Work order
Nothing but the lines from the one that contains "Some of the words" to the end of the records should be printed, both ends included, exactly as given.

Saved entries

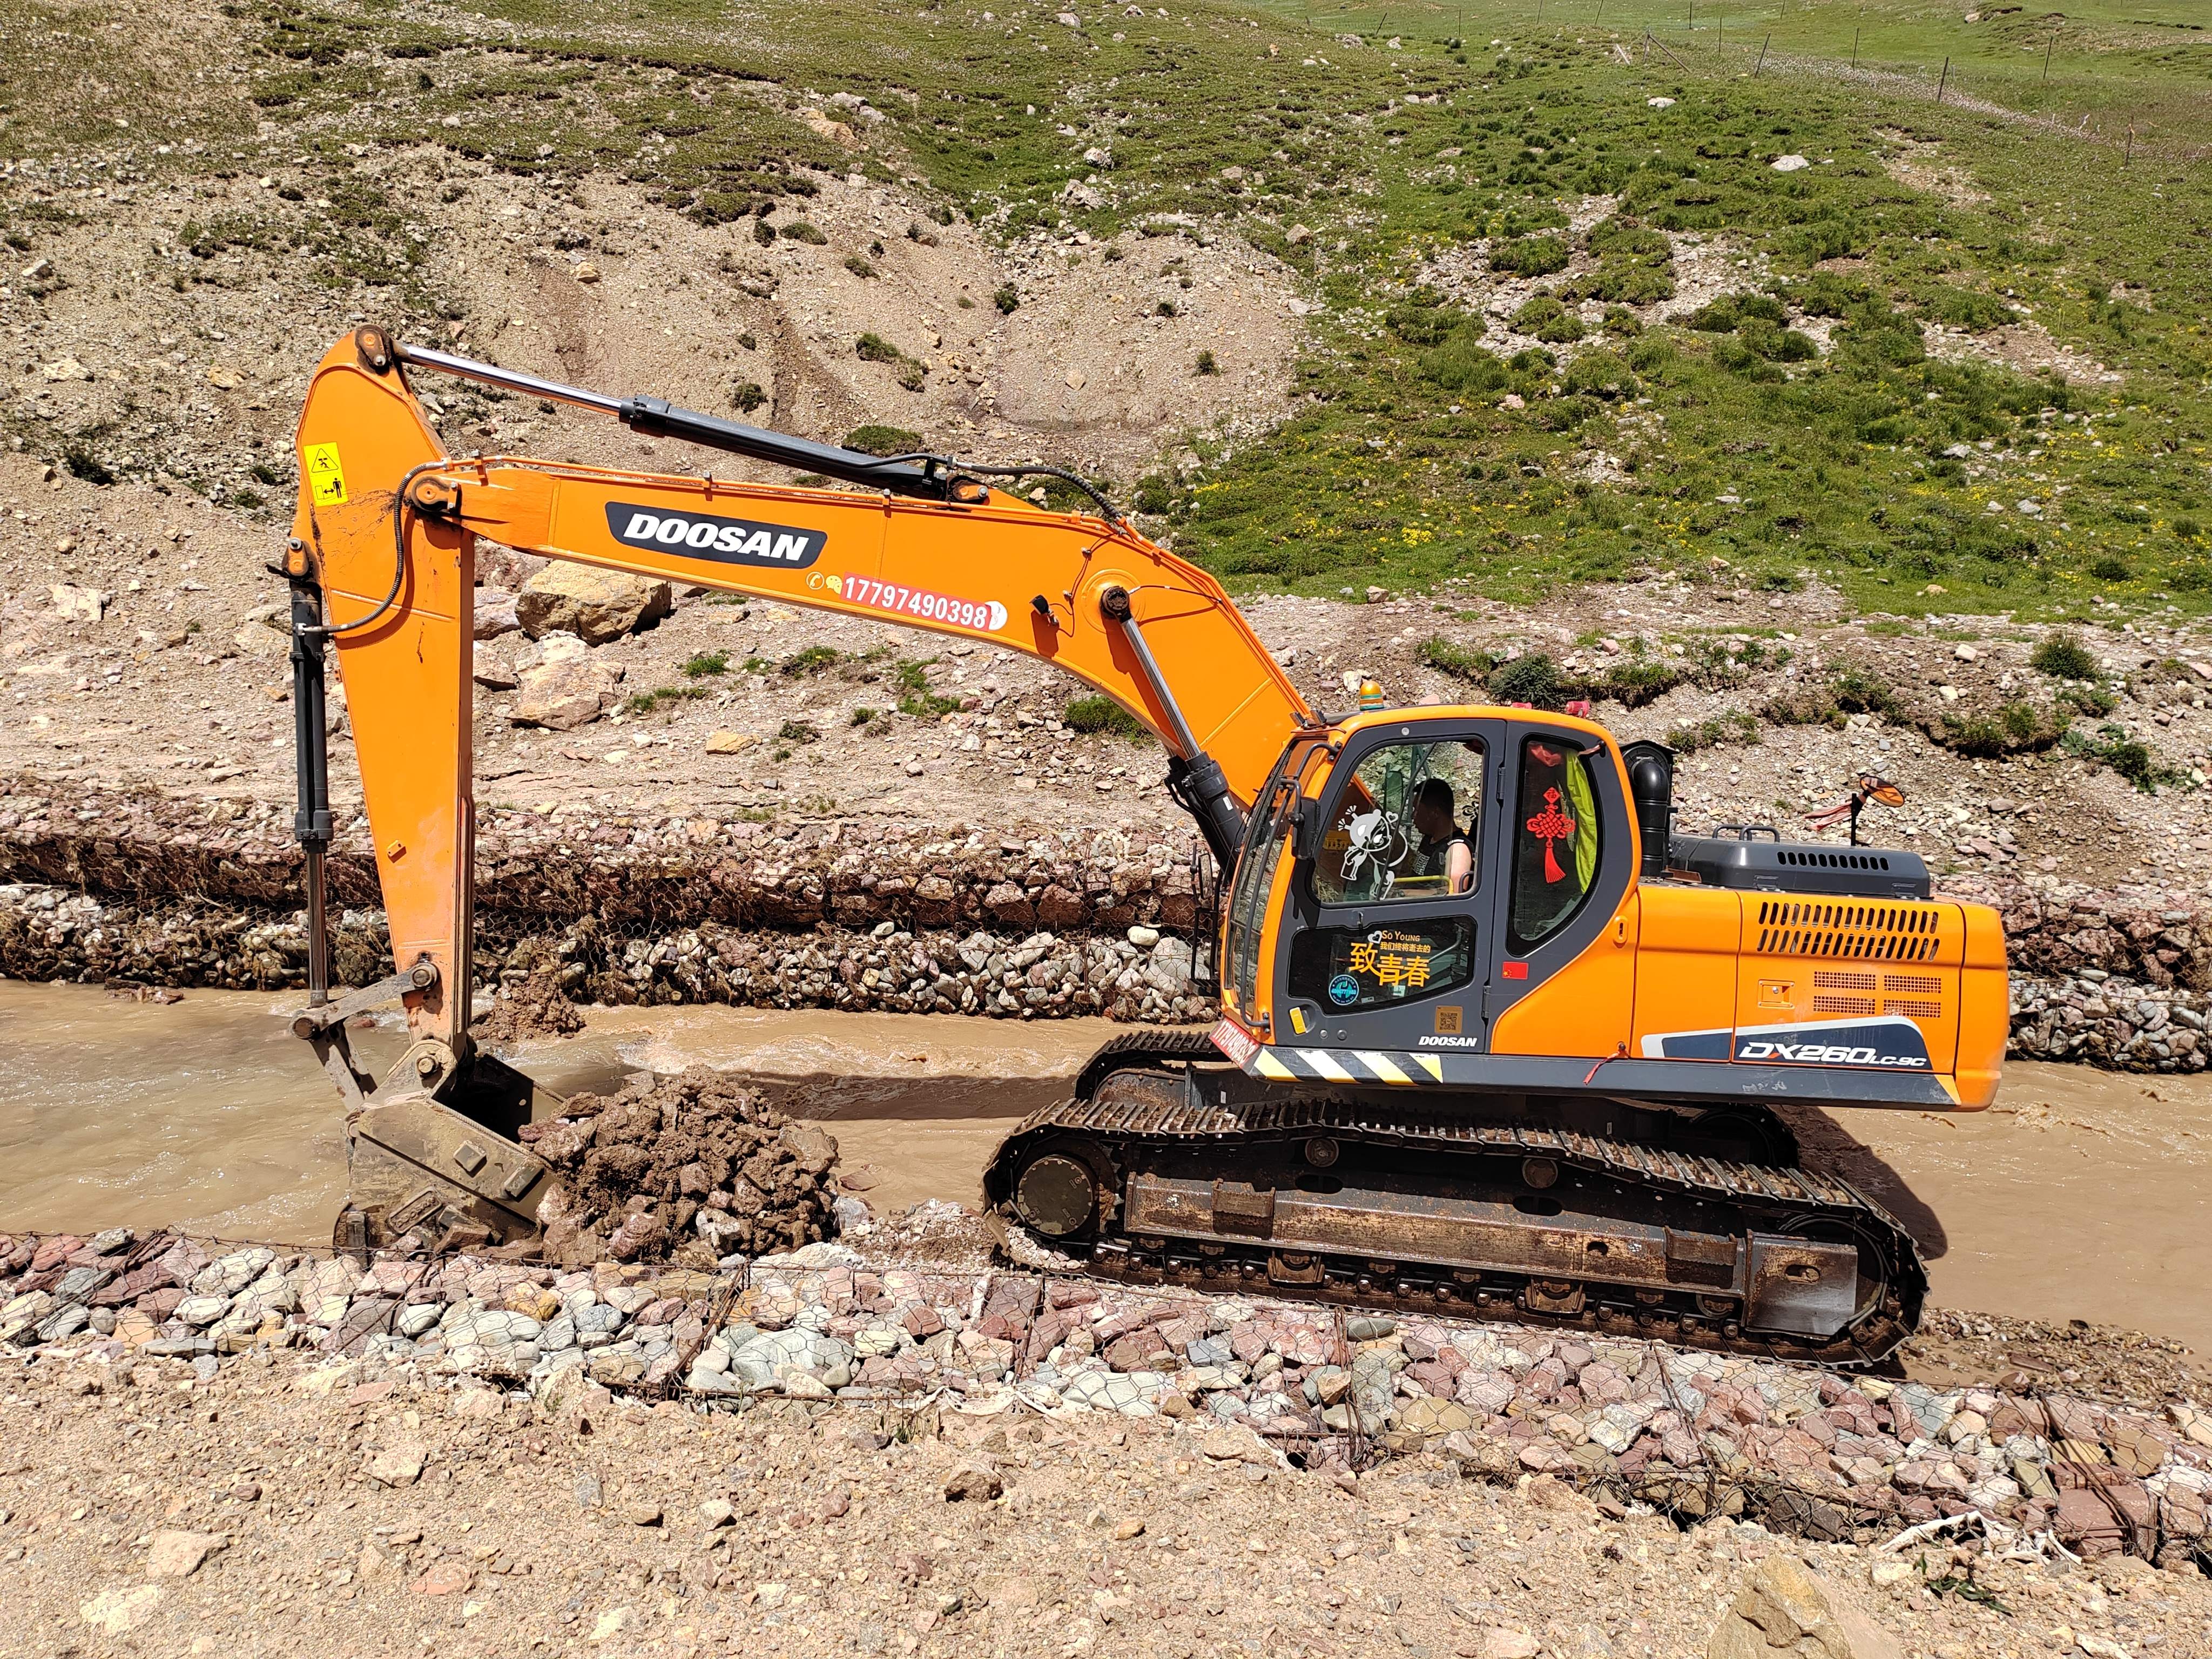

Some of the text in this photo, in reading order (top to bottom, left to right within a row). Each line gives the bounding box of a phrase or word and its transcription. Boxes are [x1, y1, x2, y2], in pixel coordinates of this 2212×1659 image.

[623, 513, 810, 561] DOOSAN
[845, 576, 988, 629] 17797490398
[1348, 942, 1431, 987] 致青春
[1380, 941, 1431, 953] 我们终将逝去的
[1418, 1036, 1478, 1047] DOOSAN
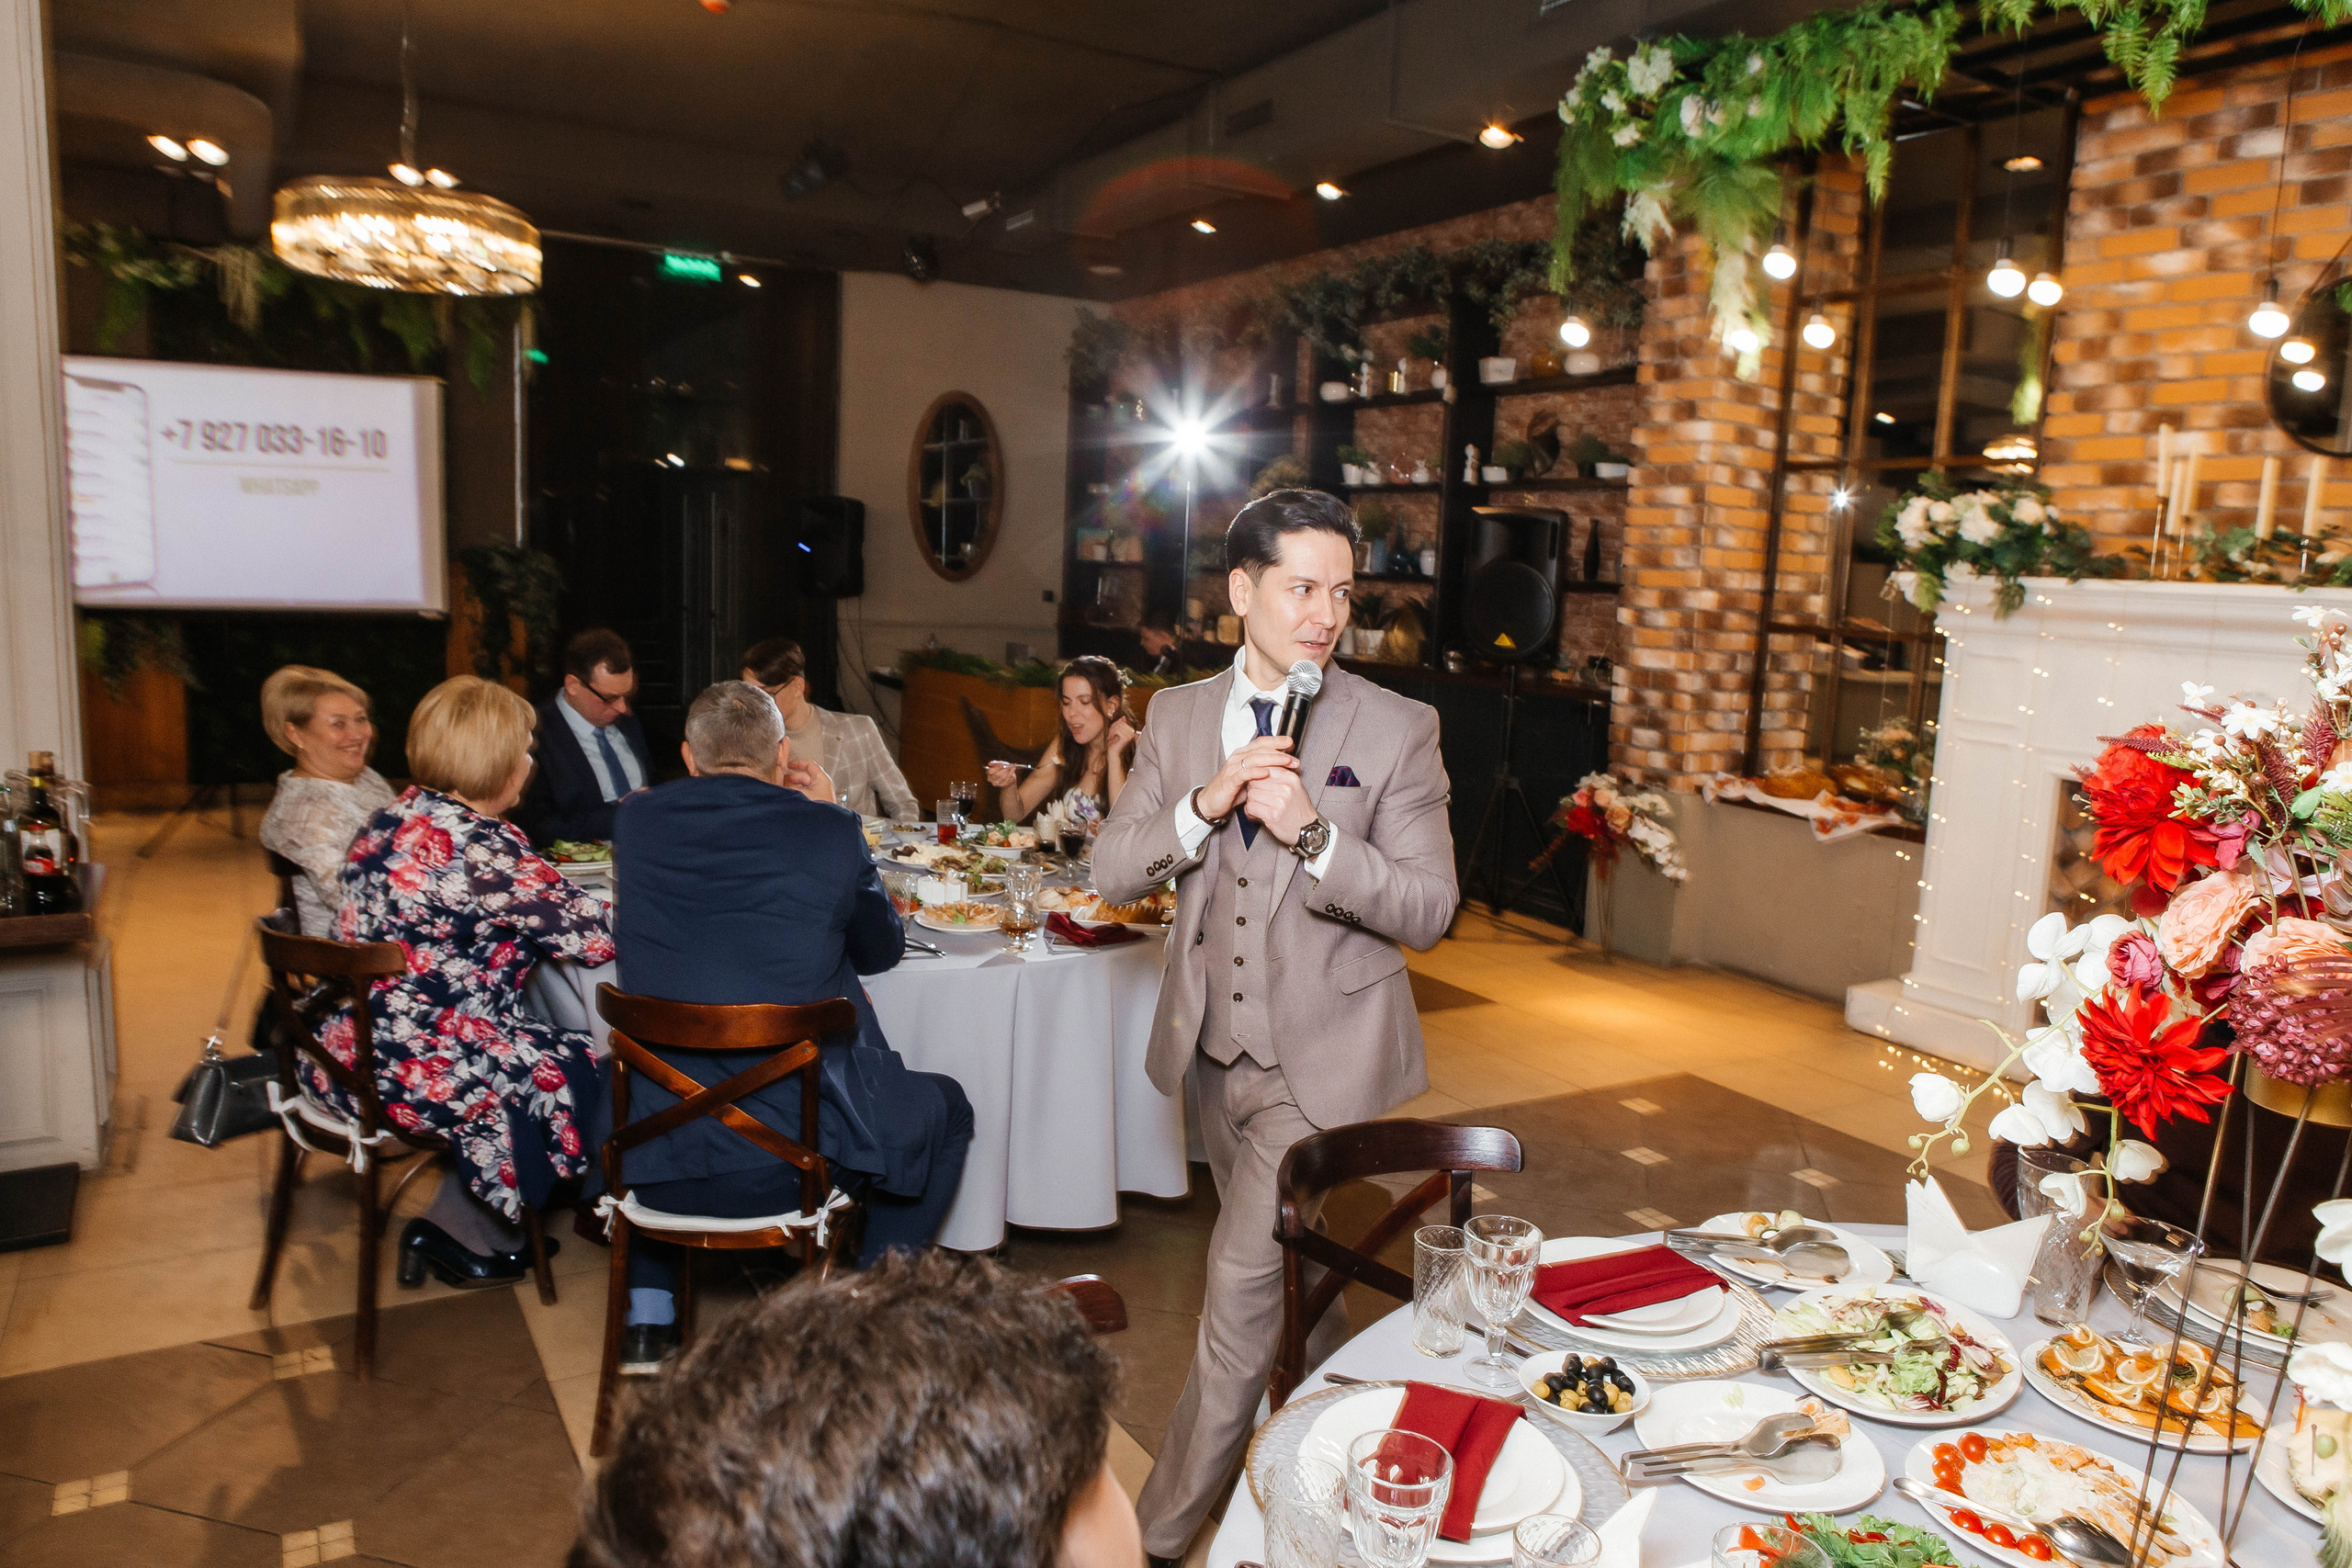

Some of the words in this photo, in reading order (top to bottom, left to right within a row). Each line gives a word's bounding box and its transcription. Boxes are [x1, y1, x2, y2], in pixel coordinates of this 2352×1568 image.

[162, 419, 193, 451] +7
[201, 420, 249, 453] 927
[257, 423, 388, 458] 033-16-10

Result for this task
Some of the words in this photo, in reading order (top to bottom, left to right within a row). Each line gives a word's bounding box and its transcription. Boxes are [x1, y1, x2, y2], in pixel coordinates of this 2352×1568 image.

[162, 419, 193, 451] +7
[201, 420, 249, 453] 927
[257, 423, 388, 458] 033-16-10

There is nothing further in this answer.